Uncle Leonard (actually my Great Uncle) was my Grandfather Arendt's brother, and is the man on the right in this photo.  I didn't know Leonard, and only met him once by accident.  My brother and I spent a great deal of time at my Grandparent's house due the fact that both our parents worked.  Their house backed up to Houghton Park, with a yard was filled with my Grandfather's roses.

One summer day my brother and I were in the back yard when a man came up to the fence and motioned us to come to the fence that separated they yard from the park.  Before we got to the fence my Grandmother came storming out of the house and yelled for us to get indoors.  She went to the fence, spoke briefly with the man and he went away.  "Don't ever talk to that man again", my Grandmother warned, "he's a bum."

We knew all about bums.  Bums were men who lived by the railroad tracks at the far end of the park.  They did horrible things to little boys who wandered in to their wild domain of overgrown weeds and trees.  We would get all sorts of dire warnings from my Grandmother.  We couldn't go to bathroom when she took us to the movies in downtown Buffalo.  Her reasoning was that black boys lurked in the bathroom and would cut the "pee pees" off little white boys.  I'm always amazed how much of my childhood revolved around the terrible horrors that lurked in the shadows and would befall unsuspecting little boys.

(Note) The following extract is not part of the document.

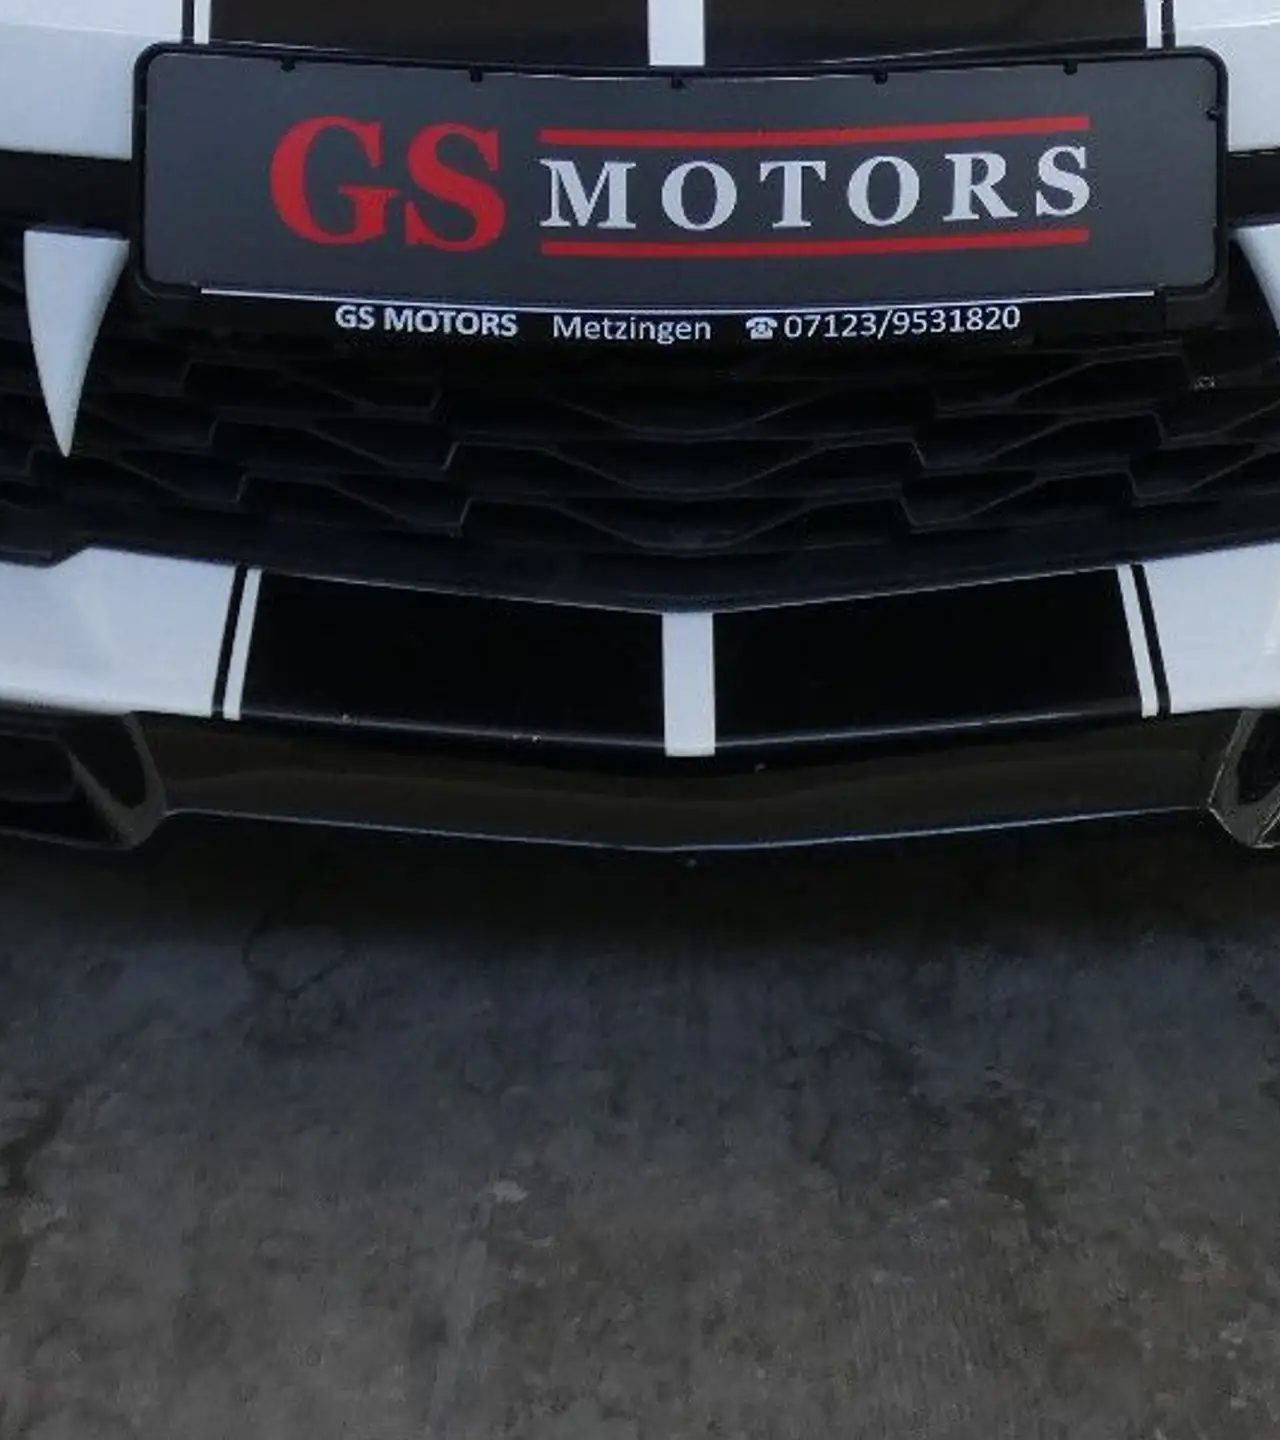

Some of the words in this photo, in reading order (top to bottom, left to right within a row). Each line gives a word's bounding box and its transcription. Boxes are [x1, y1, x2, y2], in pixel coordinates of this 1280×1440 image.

Needless to say we never saw the bum again.  The truth to his identity would not be revealed until I started family history research.  Leonard was a happy guy by all accounts.  When he came home from military service in World War II he was a changed man.  He turned to alcohol in what today would be considered a classic symptom of self-medication for PTSD.  Leonard was not a bum who lived in the mythic hobo village that existed to scare little children.  He lived with various relatives and friends around Kaisertown.  My grandparents fed him and gave him money.  He would show up at the fence for hand-outs periodically.  We happened to be in the yard when he made one of his visits.

Leonard died in 1966 and there was never any mention in the family about his death.  I don't know if anyone from our part of the family attended the funeral.  He was not among the collection of mass cards my mother kept of family members who passed.  My mother, who claims to remember very little about family history, doesn't have much to say about him.  My family is full of mysteries and conveniently forgotten stories about the people who came before me.  Much of the information I have gleaned has come from other relatives outside of my immediate family.

I often envy people who have kept intimate records of their family's history and can trace their lineage back for many generations.  In our family, forgetting the past seems to be like a band-aid put over the wounds of painful memories.